One million Americans are living with Parkinson’s, with 60,000 people newly diagnosed each year. Moving Day Charleston is an engaging and empowering event that unites the community in the fight against Parkinson’s. Since 2011, Moving Day events across the country have raised more than $17 million to improve care and advance research toward a cure.
“It means the world to see my friends and neighbors coming out to bring attention to the Parkinson’s community,” Jay Phillips, event Chair and community Parkinson’s leader said. “Living each day with Parkinson’s can be challenging for patients and caregivers, but better treatments, programs and research make all the difference. This event gives us hope and reminds us we’re not alone.”
More than just a walk, Moving Day Charleston is a celebration that will raise awareness about the importance of movement by featuring stations highlighting activities like boxing, yoga, dance, Tai Chi, and more.
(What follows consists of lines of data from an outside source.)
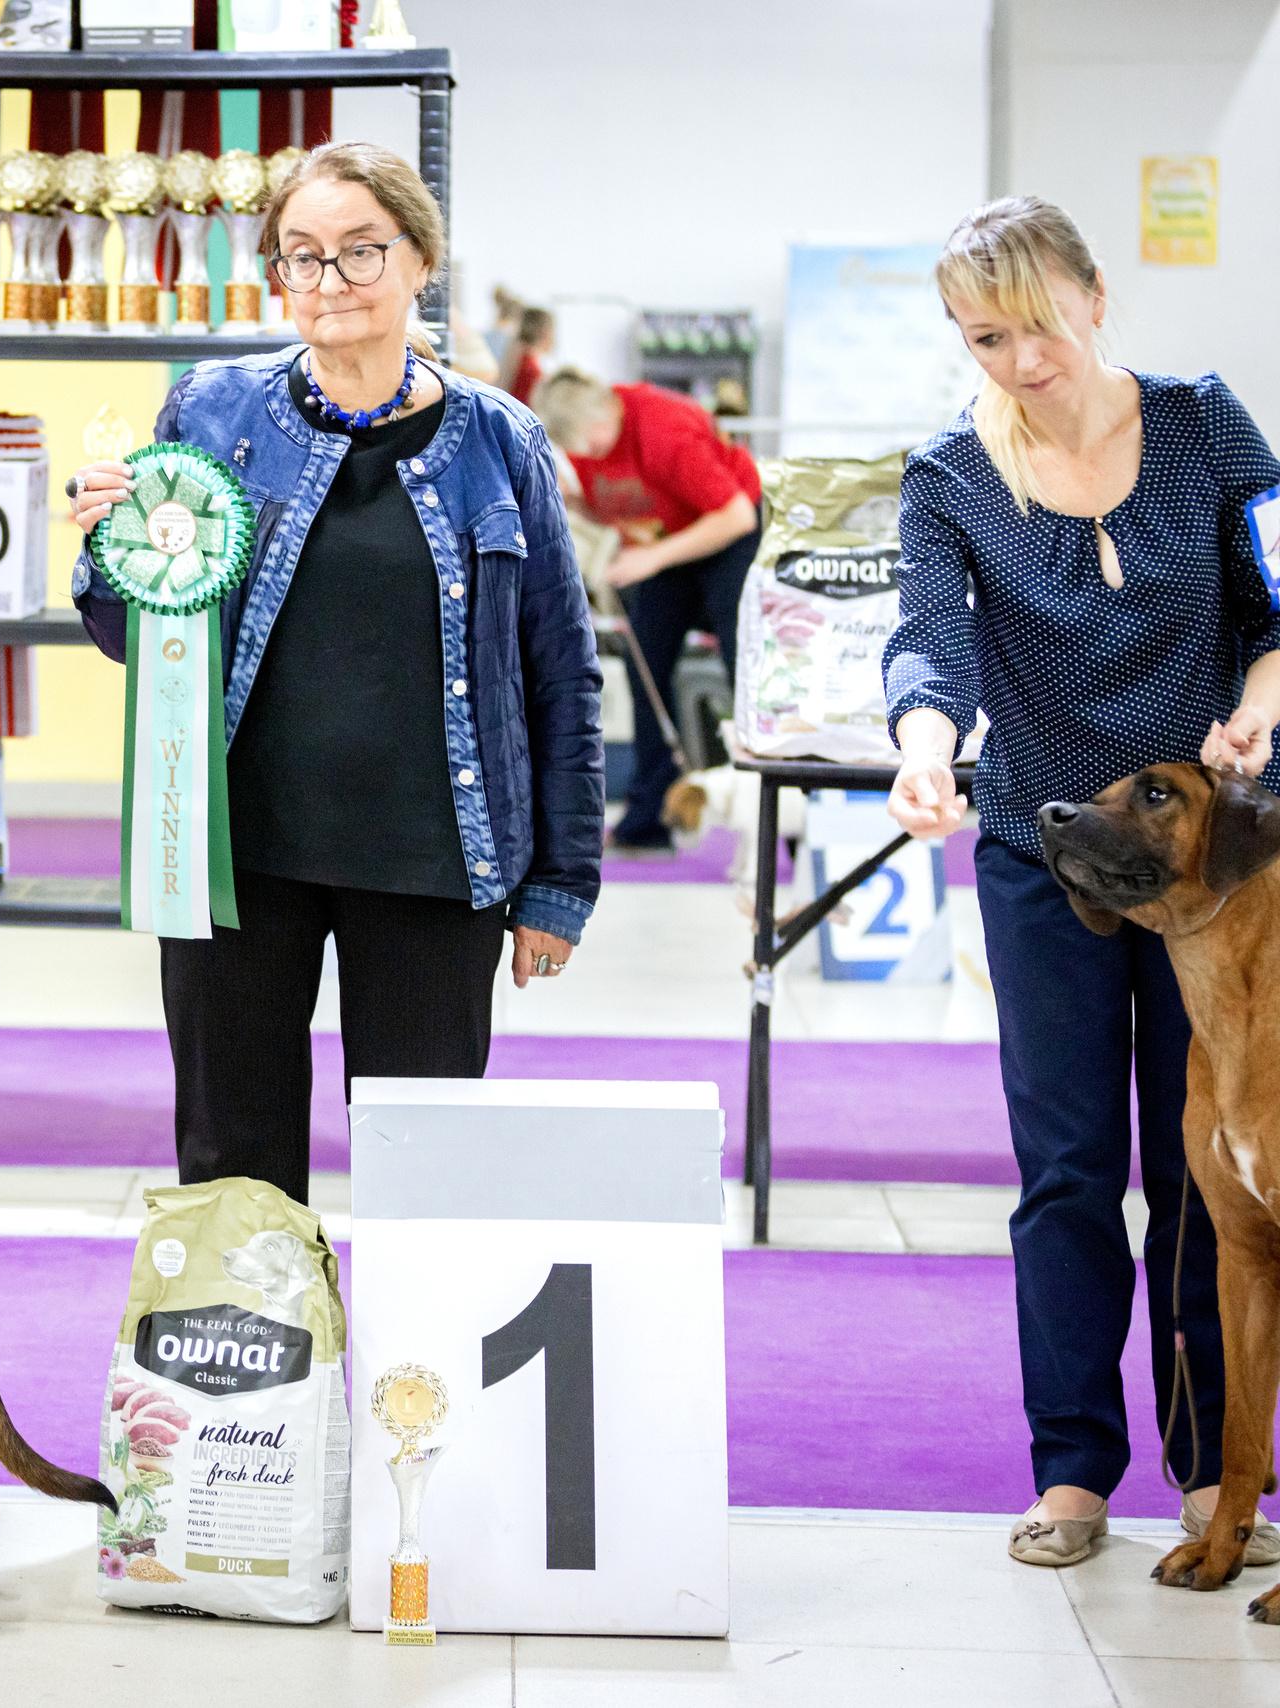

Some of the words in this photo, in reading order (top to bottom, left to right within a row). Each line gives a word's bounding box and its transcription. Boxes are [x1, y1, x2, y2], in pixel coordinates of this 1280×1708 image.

[794, 557, 892, 584] ownat
[159, 739, 186, 895] WINNER
[860, 864, 909, 934] 2
[183, 1317, 204, 1329] THE
[207, 1319, 233, 1331] REAL
[236, 1323, 267, 1336] FOOD
[157, 1334, 285, 1372] ownat
[195, 1371, 238, 1386] Classic
[482, 1263, 596, 1571] 1
[199, 1420, 287, 1449] natural
[193, 1443, 297, 1469] INGREDIENTS
[206, 1462, 250, 1487] fresh
[252, 1463, 295, 1485] duck
[188, 1518, 210, 1528] PULSES
[219, 1521, 255, 1532] LEGUMBRES
[218, 1557, 252, 1573] DUCK
In addition, there will be activities for children and caregivers along with representation from many of the organizations throughout the Charleston area that offer services for those with Parkinson’s.
Funds raised through Moving Day support the Parkinson’s Foundation national mission by: funding cutting-edge research to advance toward a cure; providing free resources for people living with Parkinson’s and their families, and delivering expert care to more than 120,000 people living with Parkinson’s through our forty-five Centers of Excellence (COE) including the Medical University of South Carolina.
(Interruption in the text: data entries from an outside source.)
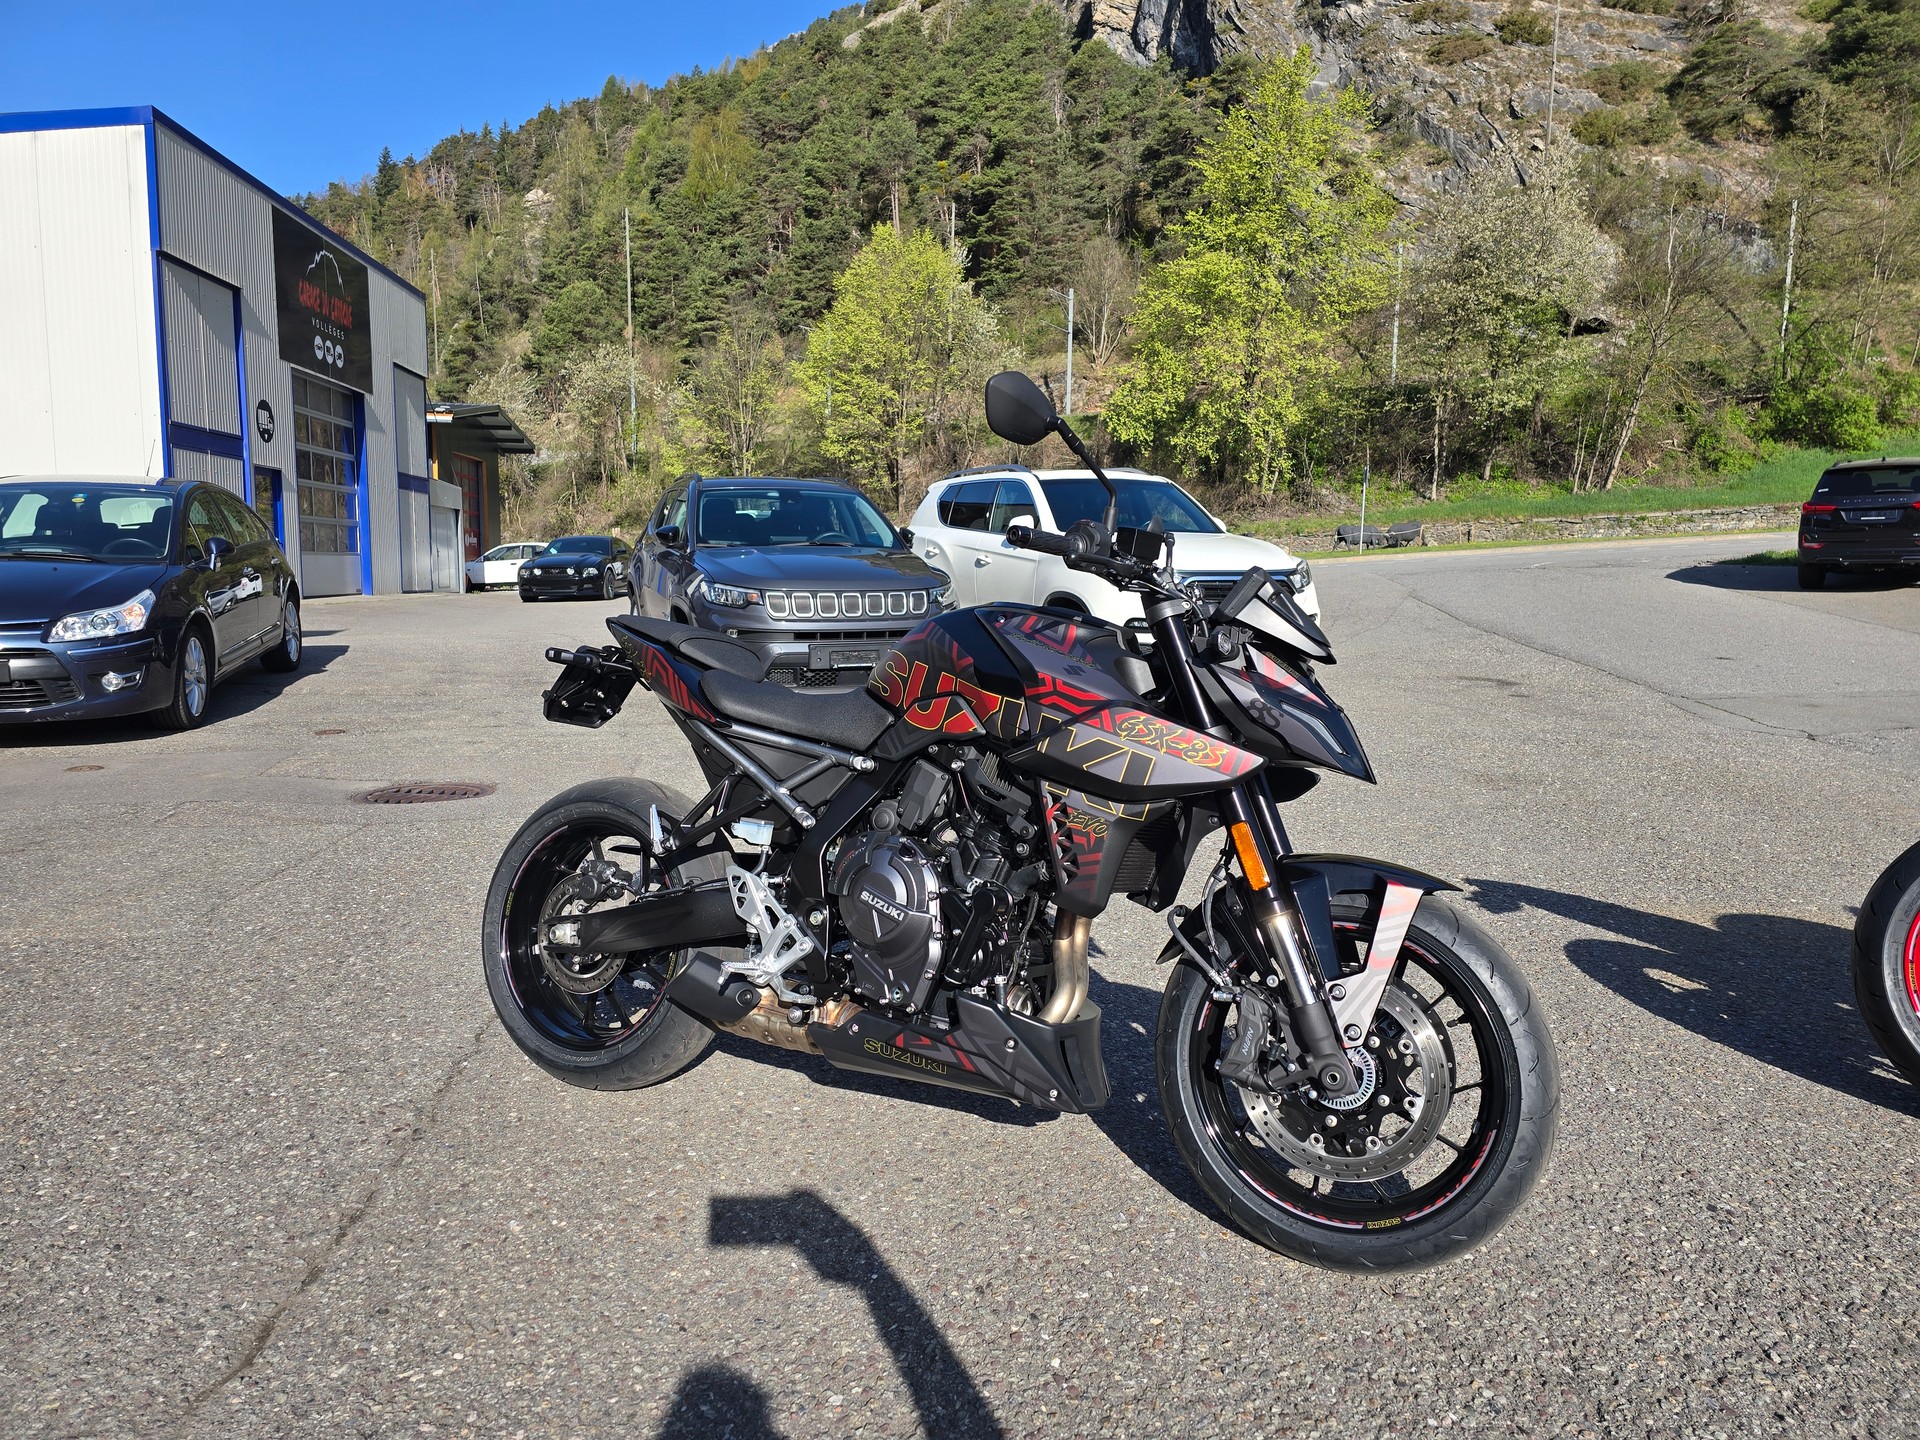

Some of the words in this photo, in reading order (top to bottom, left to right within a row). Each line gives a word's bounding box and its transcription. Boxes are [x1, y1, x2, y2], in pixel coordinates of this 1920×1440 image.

[312, 316, 345, 340] VOLLÈGES
[1116, 715, 1229, 766] GSX-8S
[860, 890, 905, 921] SUZUKI
[864, 1037, 947, 1075] SUZUKI
[1366, 1216, 1401, 1229] SUZUKI
“We are thrilled that the PD community of South Carolina now has its first internationally recognized clinical, resource, and research center at their doorstep, which will enhance access to services, resources for patients, and community activities,” Vanessa Hinson, MD, PhD, Director of Medical University South Carolina Movement Disorders Program, said. “We have been working tirelessly over the past 15 years to put all the pieces in place for this to happen and it feels good to see it come to fruition with the center designation.”
To learn more about Moving Day and how you, your family and friends, and/or your company can get involved, please visit www.movingdayCharleston.org.
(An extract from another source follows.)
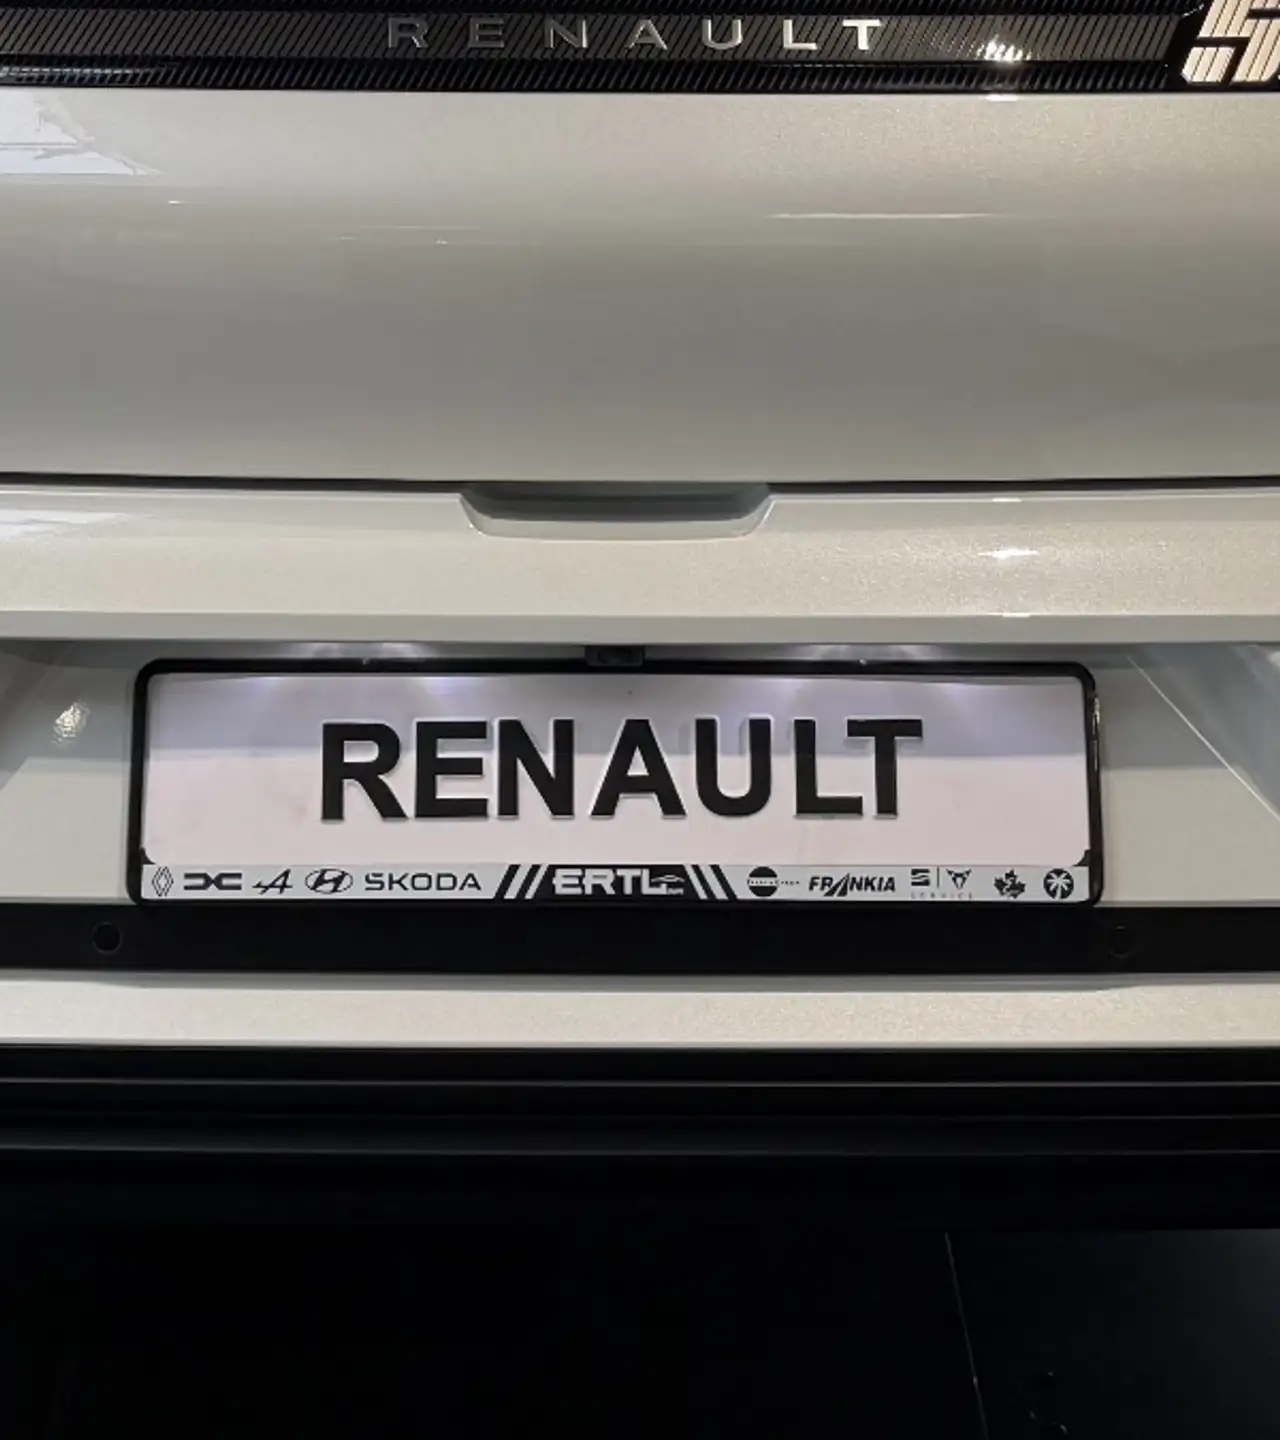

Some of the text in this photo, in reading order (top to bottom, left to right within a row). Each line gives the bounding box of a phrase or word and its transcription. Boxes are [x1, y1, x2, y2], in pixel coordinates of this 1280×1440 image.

[387, 18, 883, 51] RENAULT
[320, 717, 923, 820] RENAULT
[552, 868, 668, 896] ERTL
[808, 872, 897, 897] FRANKIA
About the Parkinson’s Foundation
The Parkinson’s Foundation makes life better for people with Parkinson’s disease by improving care and advancing research toward a cure. In everything we do, we build on the energy, experience and passion of our global Parkinson’s community. For more information, visit www.parkinson.org or call (800) 4PD-INFO (473-4636).
About Parkinson’s Disease
Affecting an estimated one million Americans and 10 million worldwide, Parkinson’s disease is the second-most common neurodegenerative disease after Alzheimer’s and is the 14th-leading cause of death in the United States. It is associated with a progressive loss of motor control (e.g., shaking or tremor at rest and lack of facial expression), as well as non-motor symptoms (e.g., depression and anxiety). There is no cure for Parkinson’s and 60,000 new cases are diagnosed each year in the United States alone.